All entries are to be reproduced exactly; the pictures are to be omitted.

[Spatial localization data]
★ ★ ★ ★ ★ ★ ★
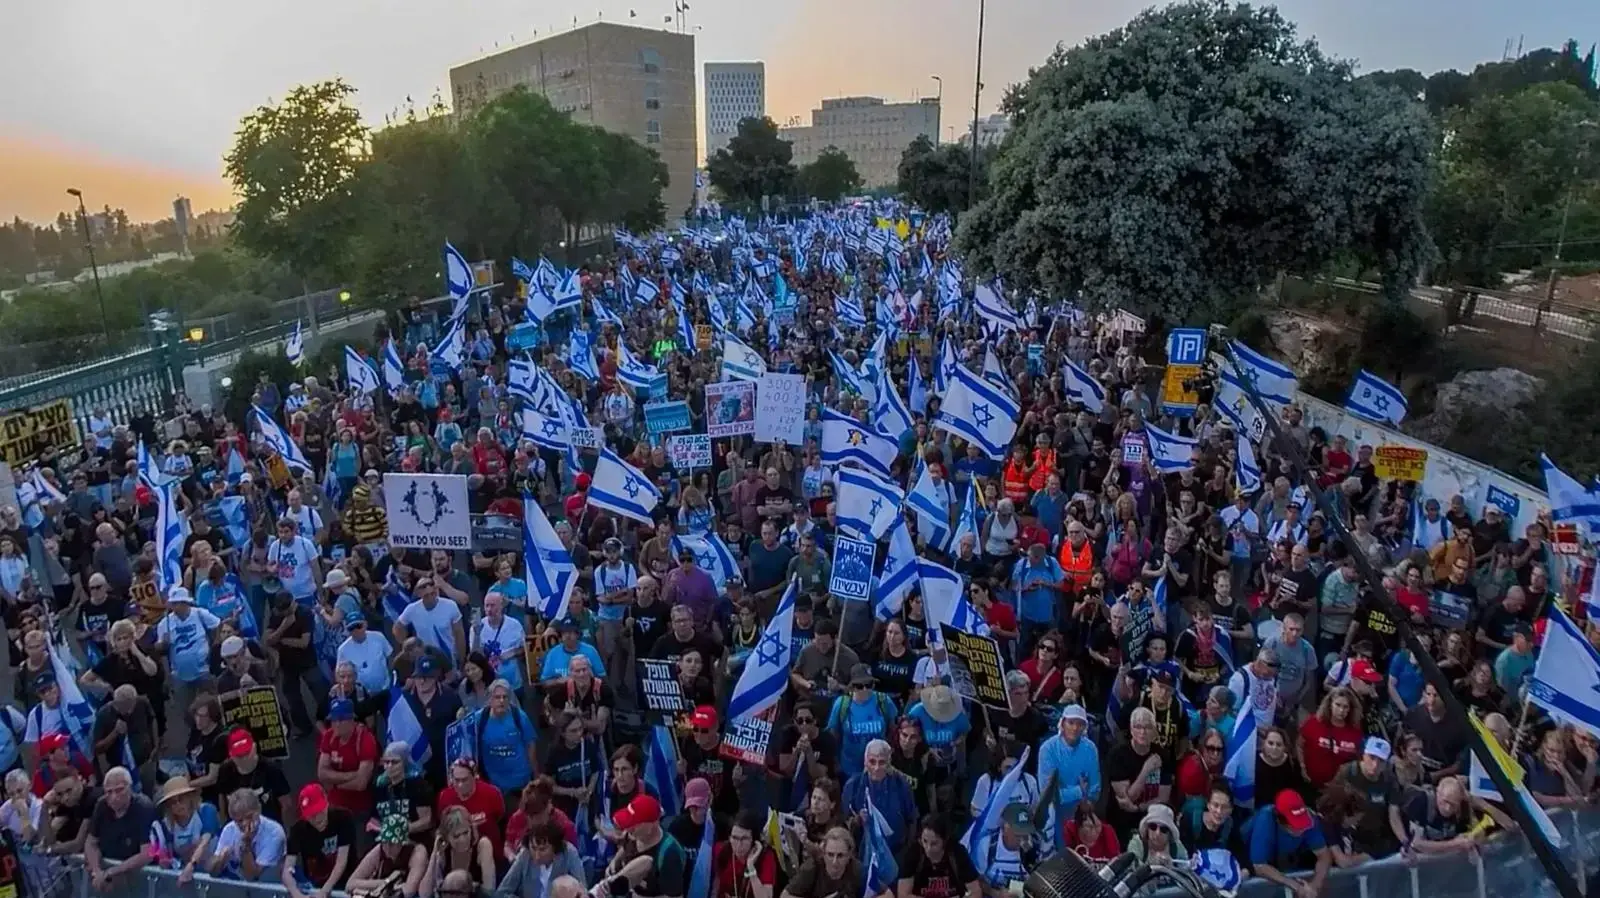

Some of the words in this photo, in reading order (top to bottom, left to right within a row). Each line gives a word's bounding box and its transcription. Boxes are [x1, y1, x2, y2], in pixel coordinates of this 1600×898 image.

[392, 535, 414, 545] WHAT
[416, 535, 428, 545] DO
[429, 535, 446, 545] YOU
[448, 536, 467, 546] SEE?
[839, 540, 873, 555] בחירות
[642, 679, 681, 695] ממשלת
[646, 694, 683, 710] החורבן
[733, 723, 757, 740] גביר
[723, 733, 768, 755] הראשונה
★ ★ ★ ★ ★ ★ ★
Task output -
Some of the words in this photo, in reading order (top to bottom, left to right within a row). Each line gives a word's bounding box and its transcription. Boxes are [x1, y1, x2, y2], in pixel coordinates of this 1600×898 image.

[392, 535, 414, 545] WHAT
[416, 535, 428, 545] DO
[429, 535, 446, 545] YOU
[448, 536, 467, 546] SEE?
[839, 540, 873, 555] בחירות
[642, 679, 681, 695] ממשלת
[646, 694, 683, 710] החורבן
[733, 723, 757, 740] גביר
[723, 733, 768, 755] הראשונה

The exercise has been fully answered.